# color graphs



## river_jiggin2 (Jan 25, 2008)

hey guys just wanting some input on some of the new color graphs out there lowrance,hummingbird etc pros cons what you like what you dotn like i have an x15 but goin to upgrade what would anybody reccomend..little input see what other guys think..thanks


----------



## Sparky477 (May 4, 2004)

I just upgraded from a Humminbird Matrix to the Humminbird 787c. I really like it. Much easier to distinguish details, easy to see in the sun.

It is about the same in features and performance as the Lowrance 520c which was my scond choice.

I decided to stay with the Humminbird because I could buy the 787 without the gps antenna and use the one from my old unit. Saved some money and its works great.


----------



## ruger1 (Aug 16, 2006)

I haven't had a grayscale graph for about 16 years. However, I was in a freinds boat this weekend and he's got a newer grayscale graph from humminbird. I knew what I was looking at, but it took me some time to try and distinguish subtle features. With my color graphs I have never had that problem of having to study the graph. You can clearly see the sublte differences in structure and fish. I was like night and day.

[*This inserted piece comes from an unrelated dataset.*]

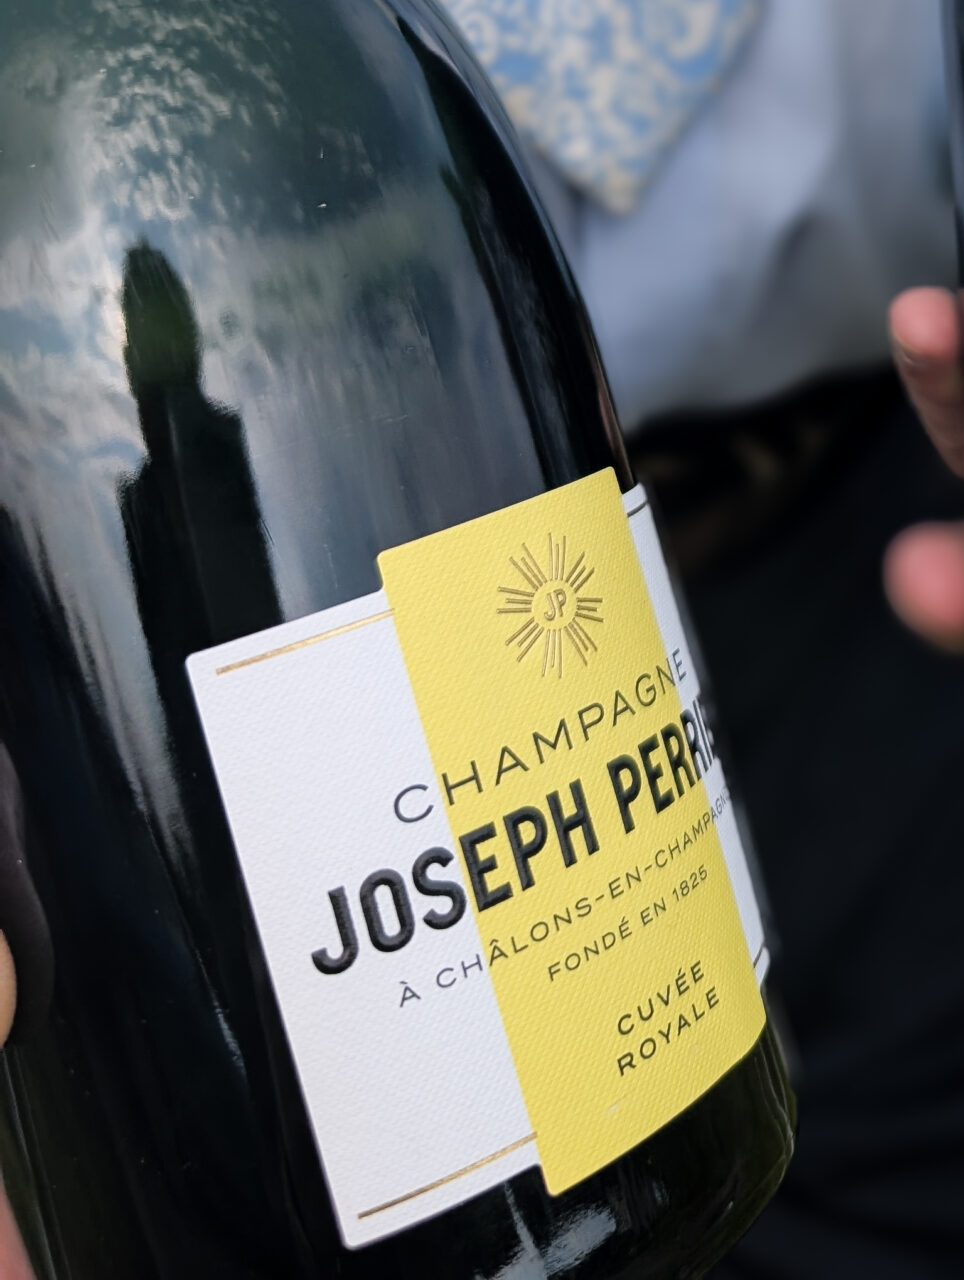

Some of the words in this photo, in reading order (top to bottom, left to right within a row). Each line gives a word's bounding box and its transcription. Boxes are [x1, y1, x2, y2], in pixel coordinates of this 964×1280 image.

I run Lowrance and am very happy with them.


----------



## USAlx50 (Nov 30, 2004)

I'm a Lowrance guy.

I wouldn't spend the extra coin on a color graph but thats just me. I have no issues seeing everything I need to see with a grey one.


----------



## jonesy12 (Apr 1, 2008)

I have a Lowrance 520C now and do not like it. The internal antenna sucks for the GPS. I end up losing my position constantly! Also the screen gets water spots on it and it gets tough to read the screen at times, a small item, but still a pain. I would go with Humminbird, I know I will next time.


----------



## bulkdriverlp (Apr 21, 2008)

just about all the hummingbird products i have had ended up with moisture in the screen. pretty much junk. i feel they are like the "economy" line. i have lorance hh plotter now and love it.


----------



## USAlx50 (Nov 30, 2004)

jonesy12 said:


> I have a Lowrance 520C now and do not like it. The internal antenna sucks for the GPS. I end up losing my position constantly! Also the screen gets water spots on it and it gets tough to read the screen at times, a small item, but still a pain. I would go with Humminbird, I know I will next time.


Hmm, we run the same unit on the bow for the guy running the trolling motor. It has been good so far, but this is its first season. I must admit that I prefer the x27 by the wheel but that is expected.


----------



## MallardMayhem21 (Mar 8, 2006)

Jonesy12 Try using rainX on the screen. I started using it and water beads and runs off. Even if you get water spots they wipe off very easily. Just an idea for ya.


----------



## fishingfreak (Oct 24, 2008)

I just have to reply to Sparky477. It doesn't matter what graph you have, I will always out fish you. :lol:


----------